Work task:
Copy the whole listing verbatim.

Input:
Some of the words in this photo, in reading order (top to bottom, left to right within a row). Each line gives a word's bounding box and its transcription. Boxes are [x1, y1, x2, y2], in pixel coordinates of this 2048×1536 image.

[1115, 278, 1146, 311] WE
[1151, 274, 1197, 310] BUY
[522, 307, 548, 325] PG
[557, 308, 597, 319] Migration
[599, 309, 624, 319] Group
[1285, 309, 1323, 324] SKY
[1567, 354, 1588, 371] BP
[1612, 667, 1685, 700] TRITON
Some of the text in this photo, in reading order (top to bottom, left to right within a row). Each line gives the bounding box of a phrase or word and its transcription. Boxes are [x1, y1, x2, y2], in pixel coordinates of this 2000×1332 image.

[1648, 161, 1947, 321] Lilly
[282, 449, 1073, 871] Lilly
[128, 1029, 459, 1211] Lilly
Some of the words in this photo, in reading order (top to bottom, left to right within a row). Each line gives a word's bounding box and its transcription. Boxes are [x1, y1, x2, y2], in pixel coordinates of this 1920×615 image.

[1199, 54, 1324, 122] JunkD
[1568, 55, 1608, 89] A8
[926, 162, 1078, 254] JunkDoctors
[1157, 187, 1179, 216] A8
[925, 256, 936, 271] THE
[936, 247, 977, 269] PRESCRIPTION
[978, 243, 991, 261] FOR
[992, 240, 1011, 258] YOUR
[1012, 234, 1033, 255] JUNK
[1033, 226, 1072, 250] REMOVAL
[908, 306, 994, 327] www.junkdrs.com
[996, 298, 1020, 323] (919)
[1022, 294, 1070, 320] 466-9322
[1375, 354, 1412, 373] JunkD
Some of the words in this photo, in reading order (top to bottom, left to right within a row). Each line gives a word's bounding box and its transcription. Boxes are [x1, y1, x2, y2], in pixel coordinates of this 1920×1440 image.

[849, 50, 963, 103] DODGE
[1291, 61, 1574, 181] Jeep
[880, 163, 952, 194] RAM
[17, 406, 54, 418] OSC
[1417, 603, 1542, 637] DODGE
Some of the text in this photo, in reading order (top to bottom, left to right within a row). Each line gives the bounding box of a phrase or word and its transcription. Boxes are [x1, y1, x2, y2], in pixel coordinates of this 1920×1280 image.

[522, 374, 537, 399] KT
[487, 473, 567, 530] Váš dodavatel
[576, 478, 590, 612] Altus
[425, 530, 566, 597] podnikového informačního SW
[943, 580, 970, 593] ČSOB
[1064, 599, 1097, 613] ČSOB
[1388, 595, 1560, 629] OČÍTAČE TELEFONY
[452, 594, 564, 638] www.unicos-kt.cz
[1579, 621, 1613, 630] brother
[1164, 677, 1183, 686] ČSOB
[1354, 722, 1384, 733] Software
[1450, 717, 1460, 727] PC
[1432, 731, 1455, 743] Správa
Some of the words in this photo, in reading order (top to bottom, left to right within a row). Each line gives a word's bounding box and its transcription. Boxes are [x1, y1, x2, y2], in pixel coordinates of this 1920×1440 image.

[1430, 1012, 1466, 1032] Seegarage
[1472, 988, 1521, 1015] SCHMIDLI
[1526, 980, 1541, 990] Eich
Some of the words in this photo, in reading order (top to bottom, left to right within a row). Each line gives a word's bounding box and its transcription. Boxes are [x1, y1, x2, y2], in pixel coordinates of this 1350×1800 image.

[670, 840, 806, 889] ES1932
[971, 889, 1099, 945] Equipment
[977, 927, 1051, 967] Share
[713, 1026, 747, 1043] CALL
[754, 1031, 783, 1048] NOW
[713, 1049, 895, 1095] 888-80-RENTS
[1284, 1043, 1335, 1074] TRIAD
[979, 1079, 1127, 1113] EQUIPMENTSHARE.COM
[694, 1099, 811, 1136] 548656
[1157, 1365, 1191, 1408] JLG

Solved problem:
Some of the words in this photo, in reading order (top to bottom, left to right within a row). Each line gives a word's bounding box and its transcription. Boxes are [x1, y1, x2, y2], in pixel coordinates of this 2048×1536 image.

[1115, 278, 1146, 311] WE
[1151, 274, 1197, 310] BUY
[522, 307, 548, 325] PG
[557, 308, 597, 319] Migration
[599, 309, 624, 319] Group
[1285, 309, 1323, 324] SKY
[1567, 354, 1588, 371] BP
[1612, 667, 1685, 700] TRITON
Some of the text in this photo, in reading order (top to bottom, left to right within a row). Each line gives the bounding box of a phrase or word and its transcription. Boxes are [x1, y1, x2, y2], in pixel coordinates of this 2000×1332 image.

[1648, 161, 1947, 321] Lilly
[282, 449, 1073, 871] Lilly
[128, 1029, 459, 1211] Lilly
Some of the words in this photo, in reading order (top to bottom, left to right within a row). Each line gives a word's bounding box and its transcription. Boxes are [x1, y1, x2, y2], in pixel coordinates of this 1920×615 image.

[1199, 54, 1324, 122] JunkD
[1568, 55, 1608, 89] A8
[926, 162, 1078, 254] JunkDoctors
[1157, 187, 1179, 216] A8
[925, 256, 936, 271] THE
[936, 247, 977, 269] PRESCRIPTION
[978, 243, 991, 261] FOR
[992, 240, 1011, 258] YOUR
[1012, 234, 1033, 255] JUNK
[1033, 226, 1072, 250] REMOVAL
[908, 306, 994, 327] www.junkdrs.com
[996, 298, 1020, 323] (919)
[1022, 294, 1070, 320] 466-9322
[1375, 354, 1412, 373] JunkD
Some of the words in this photo, in reading order (top to bottom, left to right within a row). Each line gives a word's bounding box and its transcription. Boxes are [x1, y1, x2, y2], in pixel coordinates of this 1920×1440 image.

[849, 50, 963, 103] DODGE
[1291, 61, 1574, 181] Jeep
[880, 163, 952, 194] RAM
[17, 406, 54, 418] OSC
[1417, 603, 1542, 637] DODGE
Some of the text in this photo, in reading order (top to bottom, left to right within a row). Each line gives the bounding box of a phrase or word and its transcription. Boxes are [x1, y1, x2, y2], in pixel coordinates of this 1920×1280 image.

[522, 374, 537, 399] KT
[487, 473, 567, 530] Váš dodavatel
[576, 478, 590, 612] Altus
[425, 530, 566, 597] podnikového informačního SW
[943, 580, 970, 593] ČSOB
[1064, 599, 1097, 613] ČSOB
[1388, 595, 1560, 629] OČÍTAČE TELEFONY
[452, 594, 564, 638] www.unicos-kt.cz
[1579, 621, 1613, 630] brother
[1164, 677, 1183, 686] ČSOB
[1354, 722, 1384, 733] Software
[1450, 717, 1460, 727] PC
[1432, 731, 1455, 743] Správa
Some of the words in this photo, in reading order (top to bottom, left to right within a row). Each line gives a word's bounding box and its transcription. Boxes are [x1, y1, x2, y2], in pixel coordinates of this 1920×1440 image.

[1430, 1012, 1466, 1032] Seegarage
[1472, 988, 1521, 1015] SCHMIDLI
[1526, 980, 1541, 990] Eich
Some of the words in this photo, in reading order (top to bottom, left to right within a row). Each line gives a word's bounding box and its transcription. Boxes are [x1, y1, x2, y2], in pixel coordinates of this 1350×1800 image.

[670, 840, 806, 889] ES1932
[971, 889, 1099, 945] Equipment
[977, 927, 1051, 967] Share
[713, 1026, 747, 1043] CALL
[754, 1031, 783, 1048] NOW
[713, 1049, 895, 1095] 888-80-RENTS
[1284, 1043, 1335, 1074] TRIAD
[979, 1079, 1127, 1113] EQUIPMENTSHARE.COM
[694, 1099, 811, 1136] 548656
[1157, 1365, 1191, 1408] JLG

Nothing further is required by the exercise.